As we speak, an army of hundreds of Amazon EC2 instances is crunching away at converting the *millions* and *millions* of presentations and documents that have been uploaded to slideshare over the last 5 years to HTML5. New documents will automatically be converted to HTML5 from now on. We hope to have the transition complete by the end of the year (maybe sooner, but no promises!). At that point all slideshare content will be served as Html5.

Next Steps

This is a work in progress … we are betting the company on HTML 5, and are going to continue to invest in the HTML5 conversion stack and JavaScript player technologies that we’re releasing today. Some of the next things on our plate include

  1. Handling Z-indexes (objects occluding other objects) better
  2. continued development on our font extraction techology
  3. Adding some features that we just weren’t able to port to our html5 player in time for this launch, like embedded video and synchronized audio.

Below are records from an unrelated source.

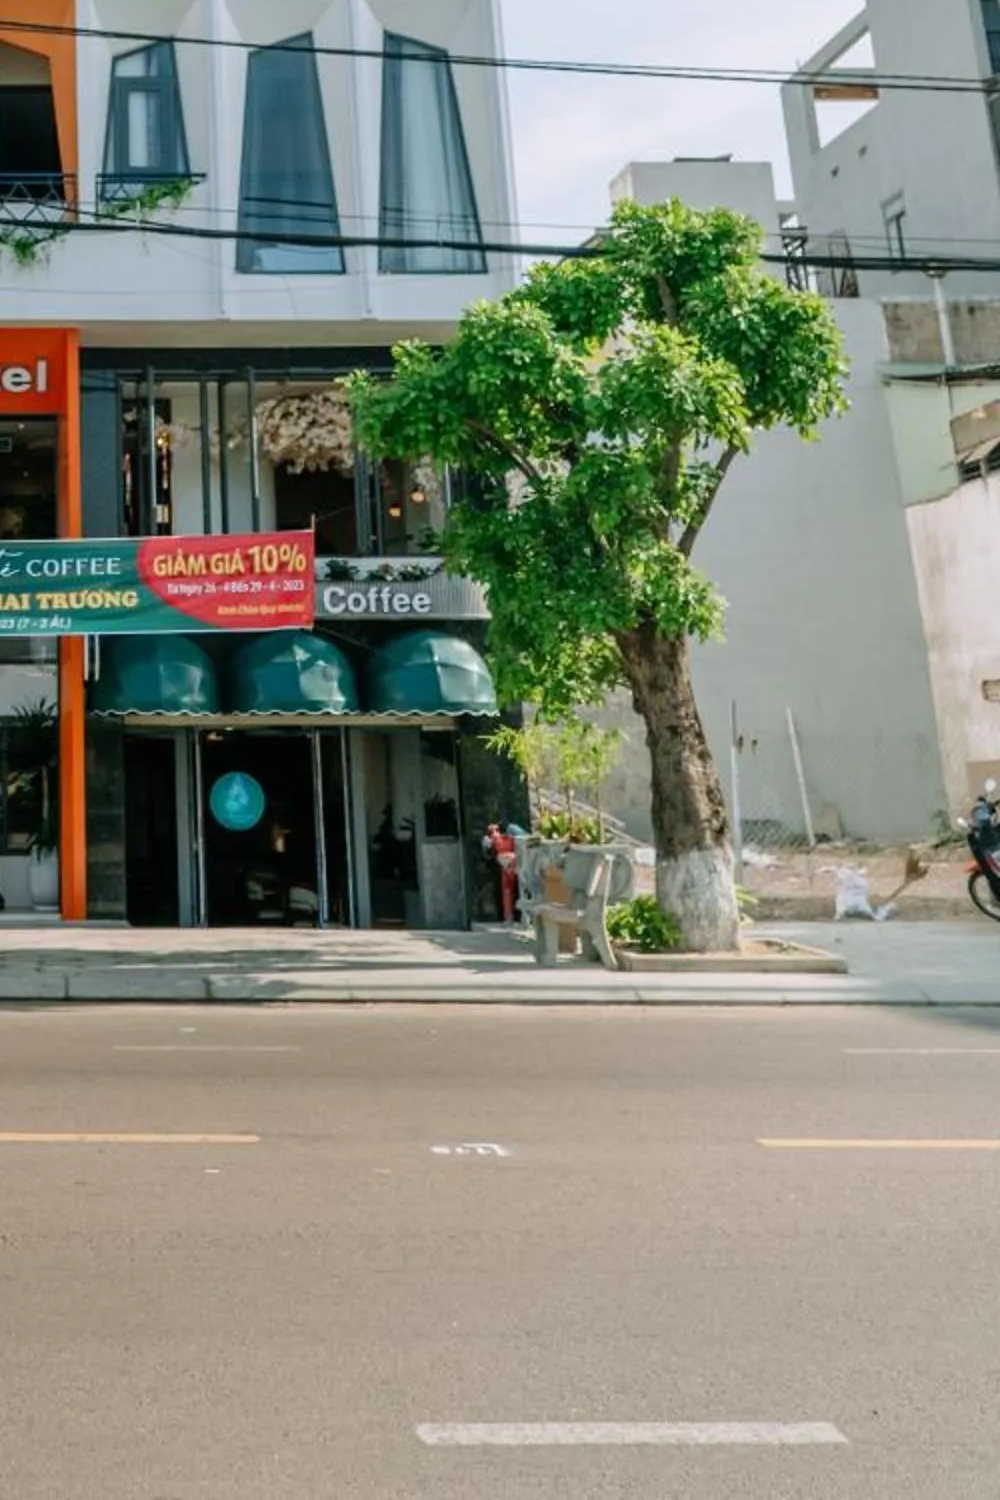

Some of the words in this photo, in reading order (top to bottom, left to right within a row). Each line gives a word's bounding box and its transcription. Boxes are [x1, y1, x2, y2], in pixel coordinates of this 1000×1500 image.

[26, 557, 121, 577] COFFEE
[153, 550, 207, 577] GIẢM
[211, 549, 245, 575] GIÁ
[248, 544, 306, 573] 10%
[36, 590, 139, 609] TRƯƠNG
[323, 586, 431, 614] Coffee

Obligatory recruiting pitch

If you’re a developer and like working on this kind of stuff, SlideShare wants to talk to you! Check out our jobs page for details.

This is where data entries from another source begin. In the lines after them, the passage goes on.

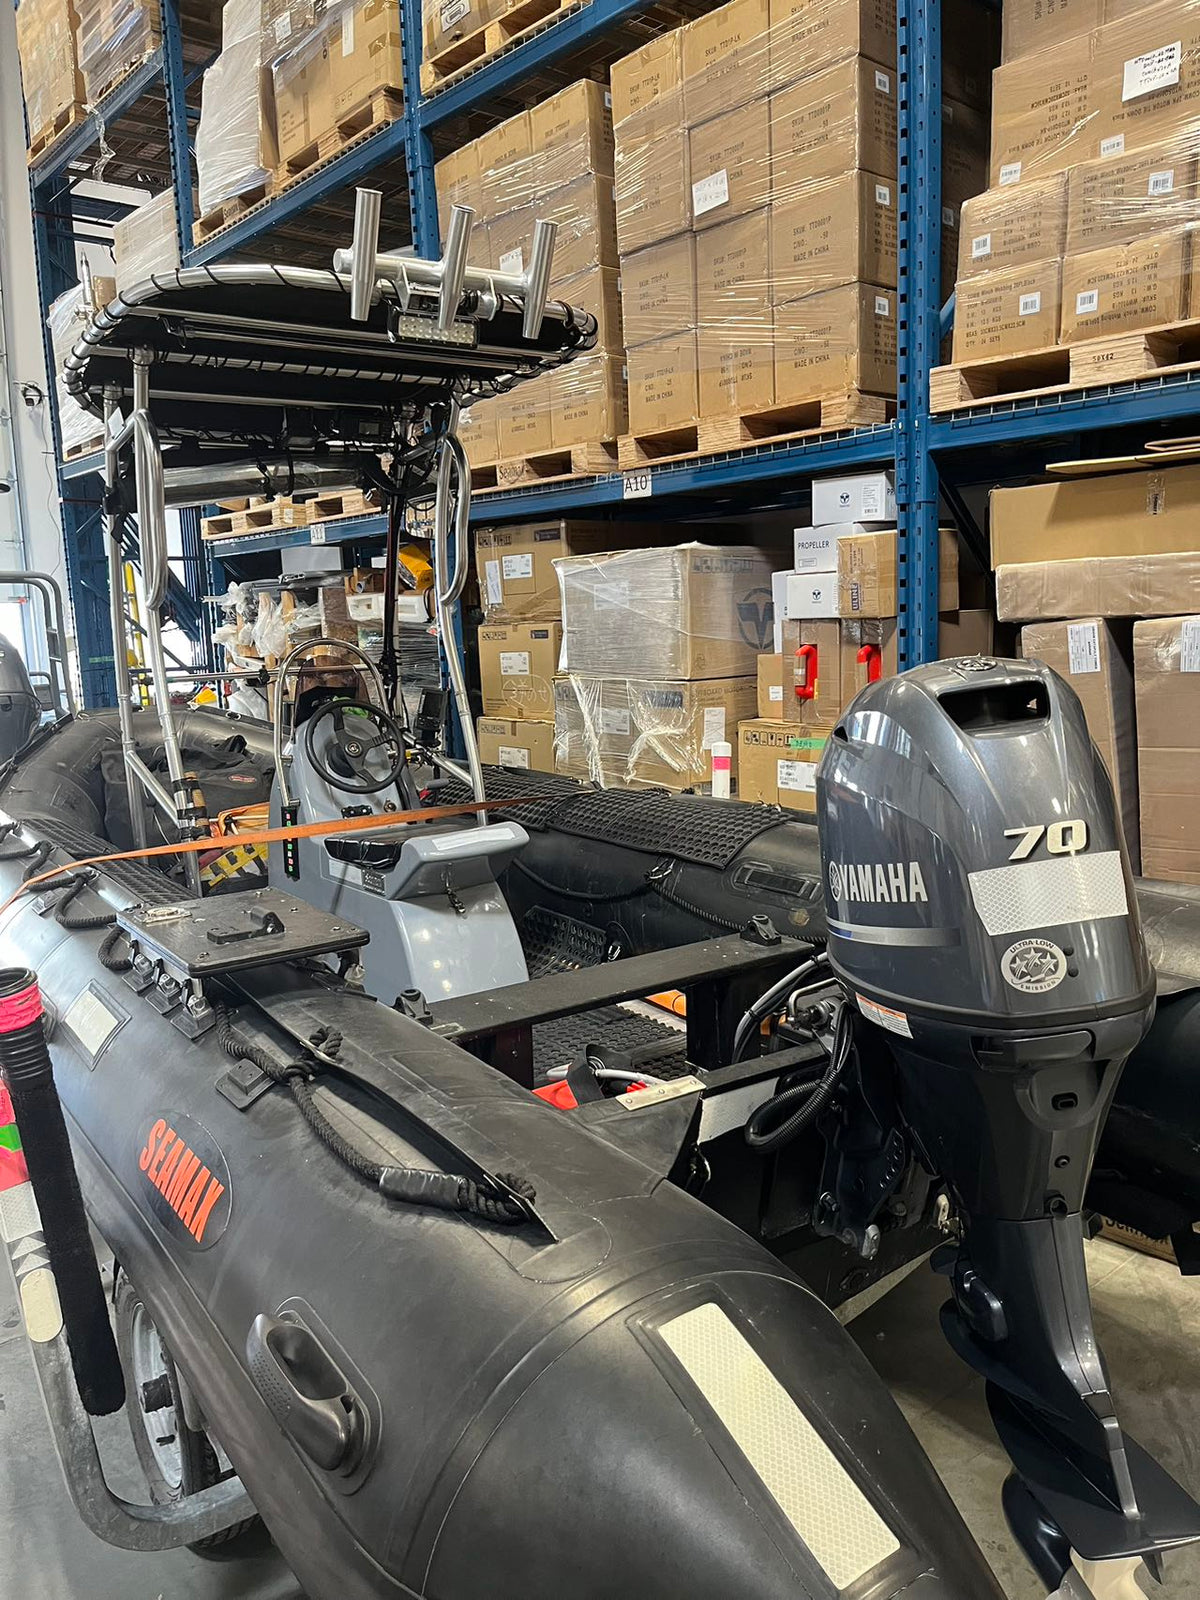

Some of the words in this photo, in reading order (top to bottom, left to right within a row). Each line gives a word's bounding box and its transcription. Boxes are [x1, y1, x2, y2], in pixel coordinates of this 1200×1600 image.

[794, 359, 808, 369] MADE
[815, 354, 831, 365] CHINA
[624, 474, 648, 493] A10
[797, 539, 830, 550] PROPELLER
[851, 583, 859, 612] ULINE
[1003, 819, 1088, 861] 70
[838, 861, 929, 903] YAMAHA
[1020, 980, 1057, 991] EMISSION
[139, 1118, 225, 1244] SEAMAX

48 Responses to “SlideShare Ditches Flash for HTML5”

    • Adam

      Not really. pdf.js is actually a tech demo used to show off the speed of modern JavaScript engines. The rendering is done entirely in the browser so it could get slow. Slideshare and other hosting sites need a fast, complete implementation. Actually they just need to convert the files in pdf format to html and web font (and maybe svg?). Html5 capabilities has caught up with pdf

  1. Leo

    Not working for me on Android. Tested with 2.3.4 stock browser and Dolphin, both mobile and desktop versions, and could not navigate the slides.
    Works fine on my desktop in Chrome, but text seems to be missing anti-aliasing.

  2. neduma

    Very Cool. Especially for IPAD users.

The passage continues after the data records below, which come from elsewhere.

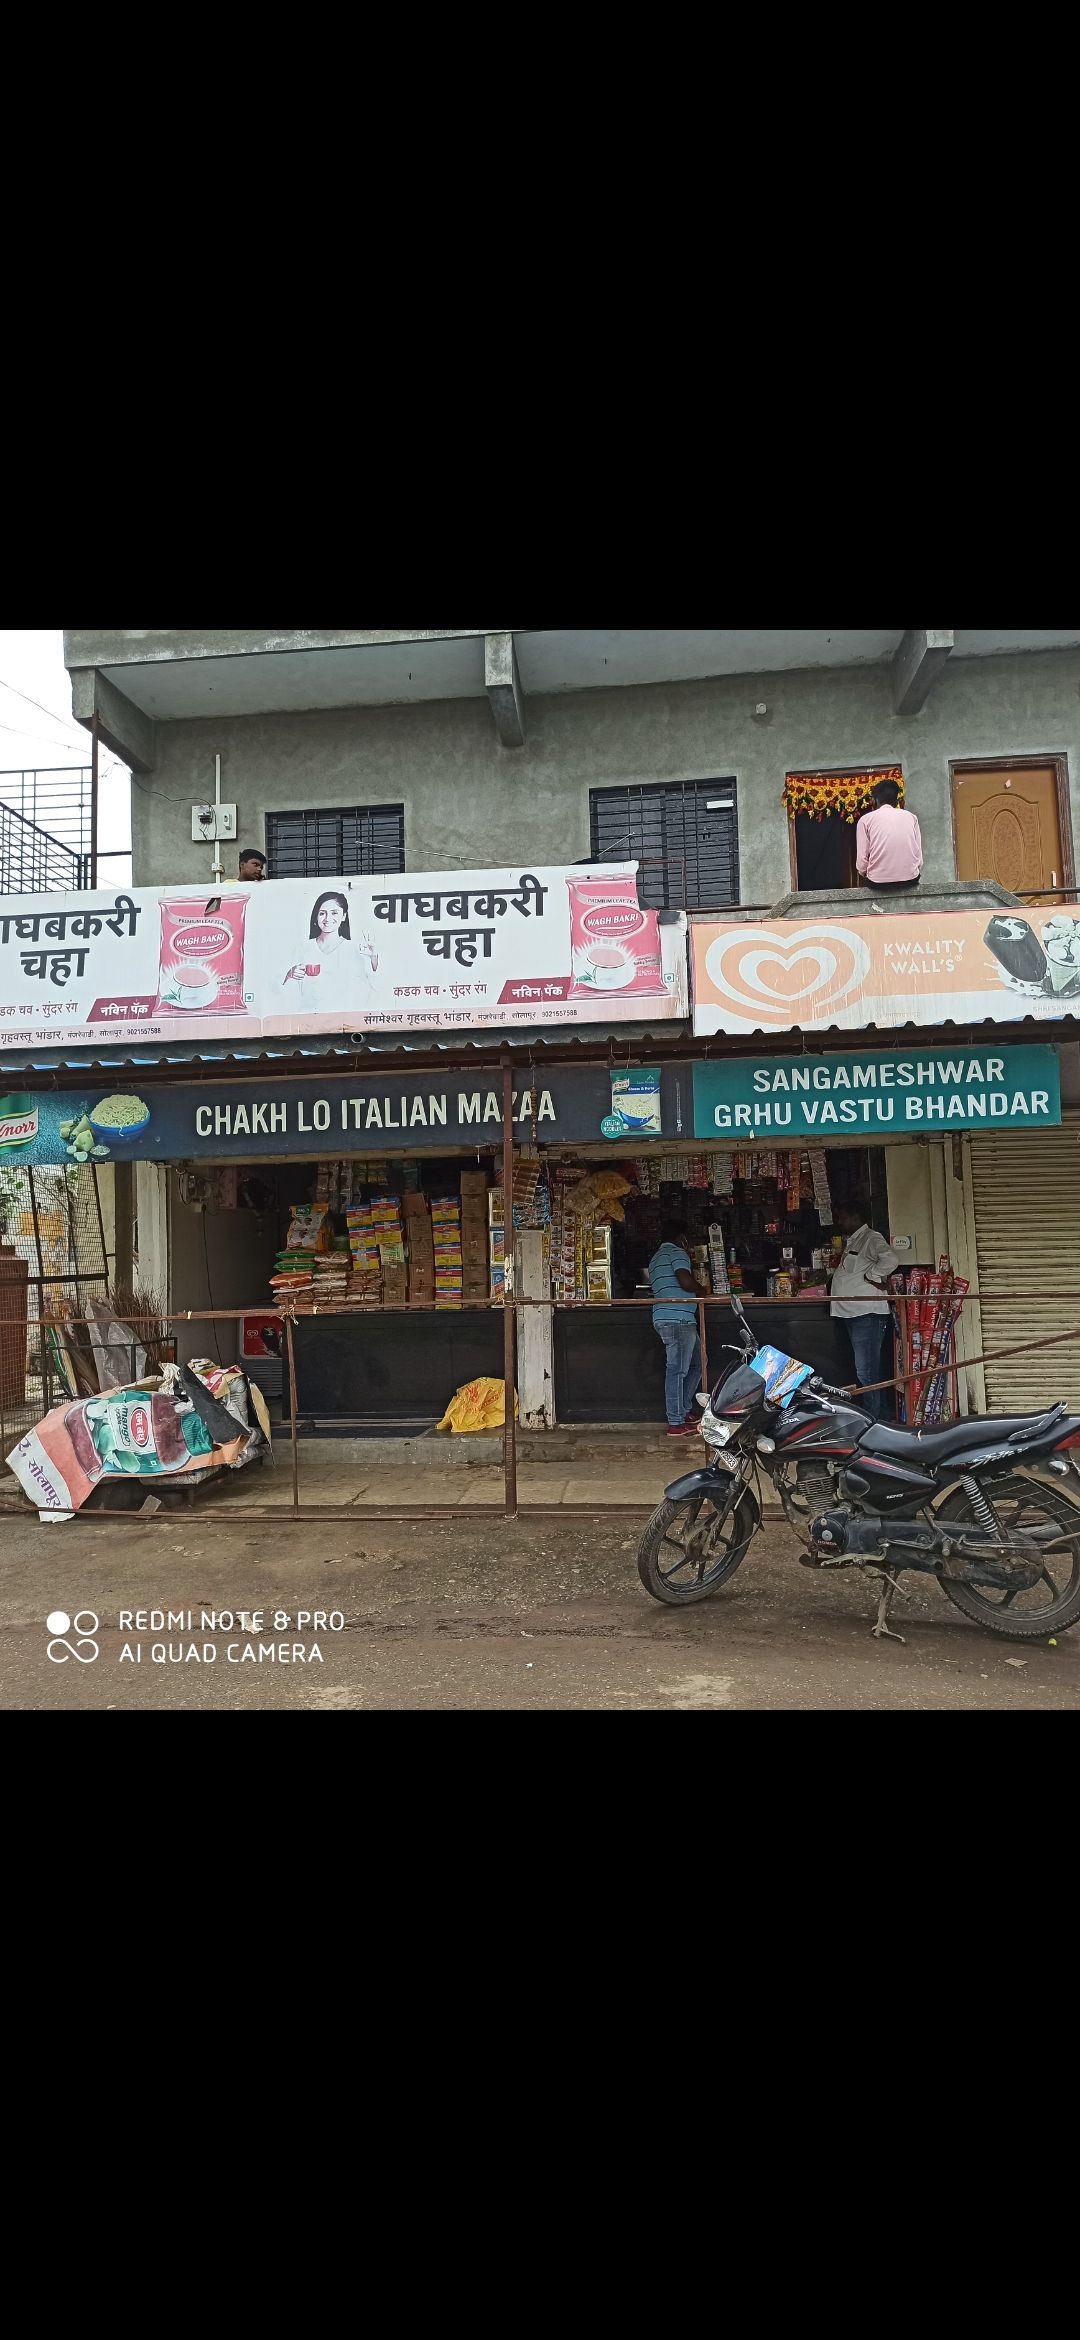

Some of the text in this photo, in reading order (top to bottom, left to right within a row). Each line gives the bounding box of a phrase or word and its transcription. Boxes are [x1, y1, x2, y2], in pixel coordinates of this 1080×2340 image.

[372, 874, 548, 923] वाघबकरी
[0, 895, 141, 943] ाघबकरी
[587, 913, 638, 927] WAGH BAKRI
[176, 933, 225, 947] WAGH BAKRI
[422, 928, 495, 968] चहा
[884, 939, 966, 956] KWALITY
[20, 948, 90, 987] चहा
[393, 980, 488, 999] कडक चव सुंदर रंग
[512, 984, 541, 998] नविन
[0, 1000, 78, 1018] डक चव सुंदर रंग
[100, 1004, 129, 1016] नविन
[363, 1012, 403, 1025] संगमेश्वर
[407, 1013, 442, 1026] गृहवस्तू
[1, 1032, 34, 1044] गृहवस्तू
[753, 1058, 1005, 1093] SANGAMESHWAR
[196, 1102, 287, 1136] CHAKH
[298, 1099, 331, 1132] LO
[341, 1094, 447, 1130] ITALIAN
[714, 1101, 792, 1127] GRHU
[801, 1097, 894, 1124] VASTU
[905, 1090, 1049, 1121] BHANDAR
[121, 1407, 131, 1443] mango

    By the way, When you’re folks to fix your search engine?

    Better, Just provide link to Google with site params. That works much better IMHO.

  3. Ittay

    Well, copy & paste from the “I can’t believe it’s not flash” presentation did not work well. I copied the text in the first slide (the title). Pasting into a text editor, I got 1-3 characters per line for 14 lines.

  4. Nick Pettit

    This is an insane feat of engineering. You guys could have continued to serve Flash, or just bunch of PNGs, but no. You went way beyond the extra mile to make this happen! Other companies aspiring to support HTML5 should look to this as a prominent and non-trivial example of what’s possible.

    Well done!

  5. Benjamin Woodard

    @Leo we have tested presentations using the default Android web browser and it worked before for us. We will try with Dolphin also. What phone are you using, and could you send me the link to to ben at slideshare dot com?

    @Ittay we are still ironing out the kinks with text, but we are working on copying and pasting text.

  6. Dave Hoder

    Bummer. We dumped Scribd because of this (well, that and they’re now holding documents for ransom). PDFs with links didn’t seem to work too well with their HTML 5 implementation. Hopefully you guys can do it.

  7. Nelson

    Hey Guys,
    this are great news!!! and a big part for the HTML5-Movement. I love it.
    But one thing you can improve: to give users the opportunity to make the presentation-elements unselecteble, sometimes it’s a little bit annoying.

    Keep going
    Nelson

  8. Philippe Marschall

    What’s wrong with just providing a download link to a PDF? I’m on a desktop, I have a PDF reader that is way superior than anything you can ever come up in HTML5.

  9. Ali

    congratulations .. you now won some iPad users .. and lost a hell ton of users on other platforms that doesn’t support HTML5 yet

  10. Brent Gulanowski

    Congratulations, but I’m not sure you should be so proud of having worked your poor engineers “around the clock for six months”. That’s something to be ashamed of. Nice way to set an example and expectations of programmer exploitation.

  11. neb

    So great! I could never read/view SlideShare presentations, because I use Gnash instead of Adobes Flash, and it didn’t work with SlideShare.

    Hooooray!

  12. Rob

    Wow, what a step backwards. The fonts look terrible now. This is the future? Looks like you guys were more eager to have slideshare work on iPads than providing an optimal user experience with presentations.